FACEOFF sos still
2024
with

Ryan Driskell, PhD

Head of the Fibroblast and Skin Regeneration Laboratory, School of Molecular Biosciences, Washington State University

Face/Off— Face on or off?

Dr. Ryan Driskell, head of the Fibroblast and Skin Regeneration Laboratory at the School of Molecular Biosciences in Washington State University, discusses the cutting-edge science behind skin regeneration and the potential for facial transplants. This discussion prompts the intriguing question: Did John Woo predict a future where someday we might all be able to look like Nicolas Cage?

Kenworthy Performing Arts Centre Moscow, ID

Film Synopsis

To foil a terrorist plot, an FBI agent undergoes facial transplant surgery to assume the identity of the criminal mastermind who murdered his only son, but the criminal wakes up prematurely and seeks revenge.

    Obsessed with bringing terrorist Castor Troy (Nicolas Cage) to justice, FBI agent Sean Archer (John Travolta) tracks down Troy, who has boarded a plane in Los Angeles. After the plane crashes and Troy is severely injured, possibly dead, Archer undergoes surgery to remove his face and replace it with Troy’s. As Archer tries to use his disguise to elicit information about a bomb from Troy’s brother, Troy awakes from a coma and forces the doctor who performed the surgery to give him Archer’s face.

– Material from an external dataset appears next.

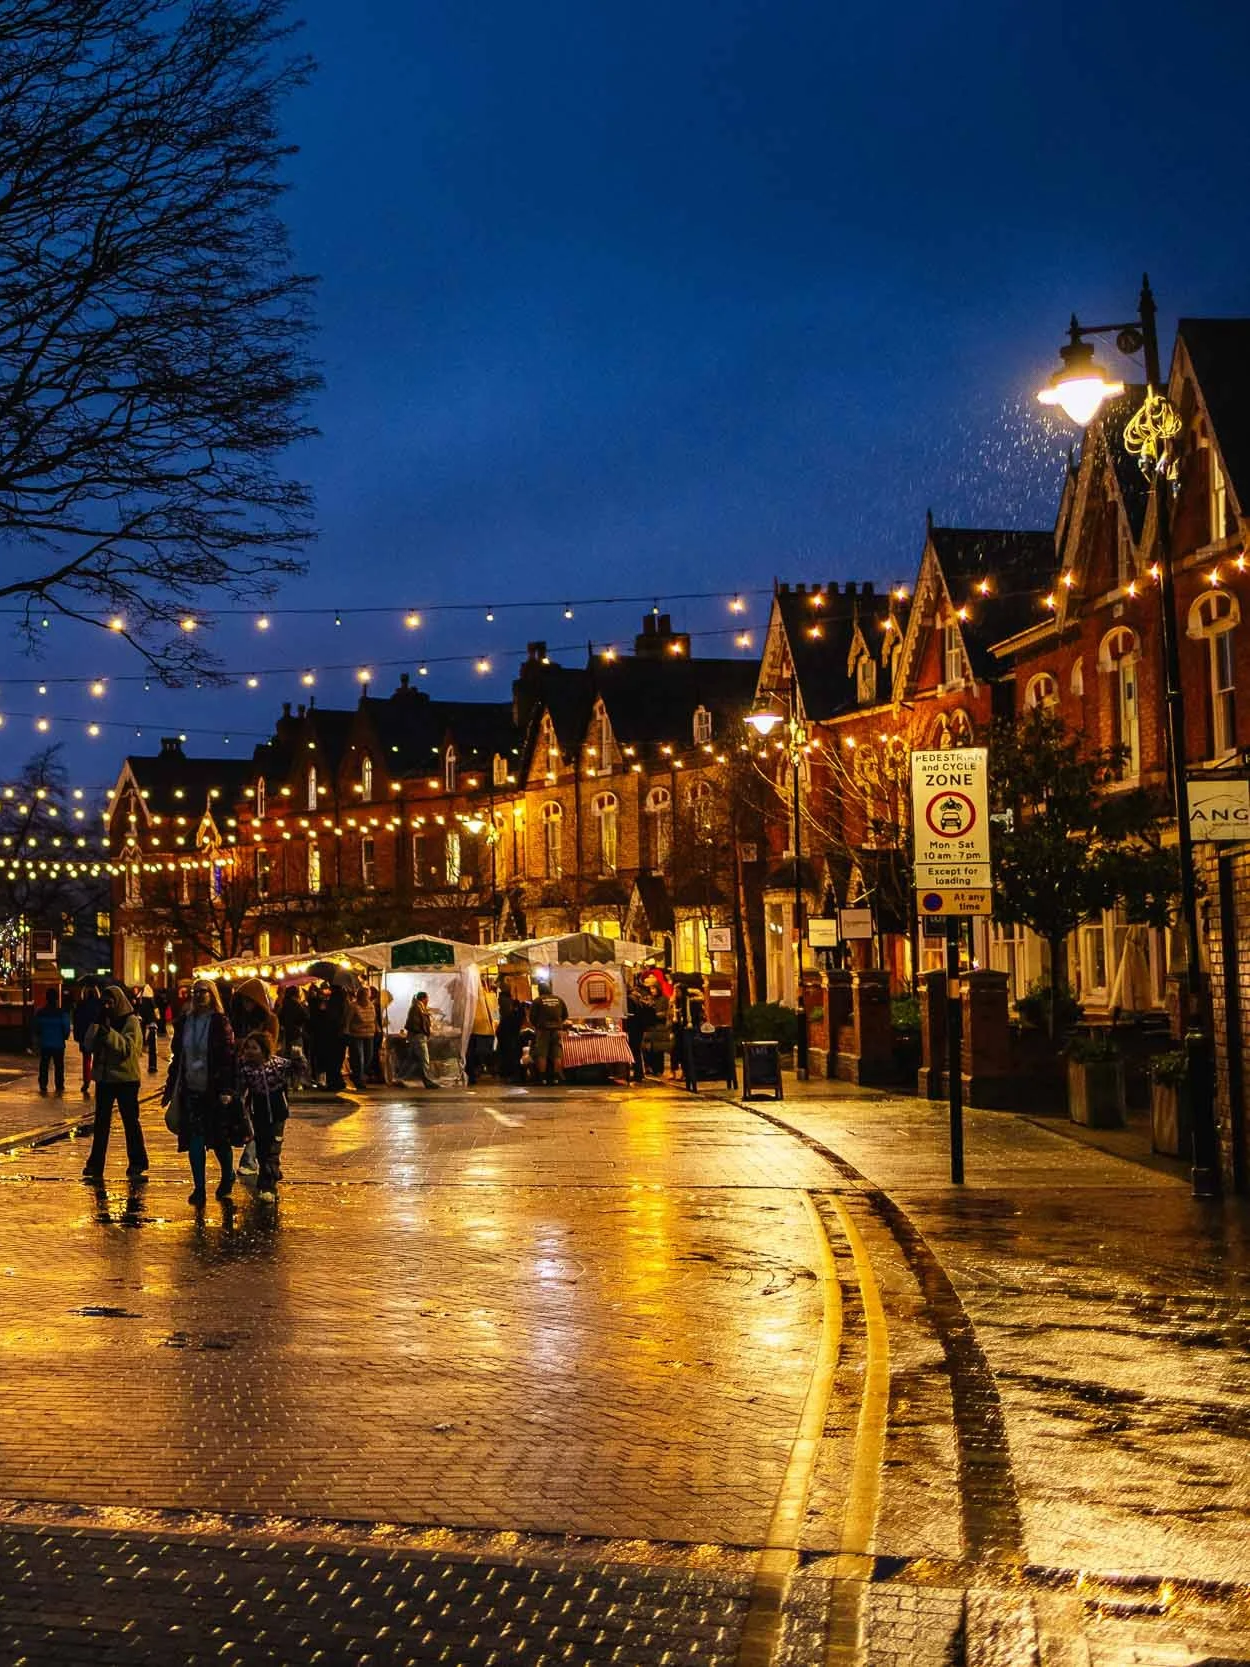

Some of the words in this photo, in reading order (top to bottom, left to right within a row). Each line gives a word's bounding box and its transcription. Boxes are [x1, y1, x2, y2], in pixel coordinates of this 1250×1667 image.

    Photo credit: Buena Vista

    About the Speaker

    Dr. Driskell is the head of the Fibroblast and Skin Regeneration Laboratory at the School of Molecular Biosciences in Washington State University. He trained as a Cell and Developmental Biologists in the laboratory of Dr. John Engelhardt at the University of Iowa where he received his Ph.D. in 2006 studying lung biology and Wnt signaling. Dr. Driskell did his post-doctoral training in Dr. Fiona Watt’s Laboratories at Cambridge University and King’s College London in the UK, where he established a functional fibroblast lineage hierarchy that is important in regulating the architectural nature of skin development and wound repair. The Driskell Laboratory utilizes the transgenic mouse technologies in conjunction with molecular and histological techniques to deduce an understanding to induce skin regeneration.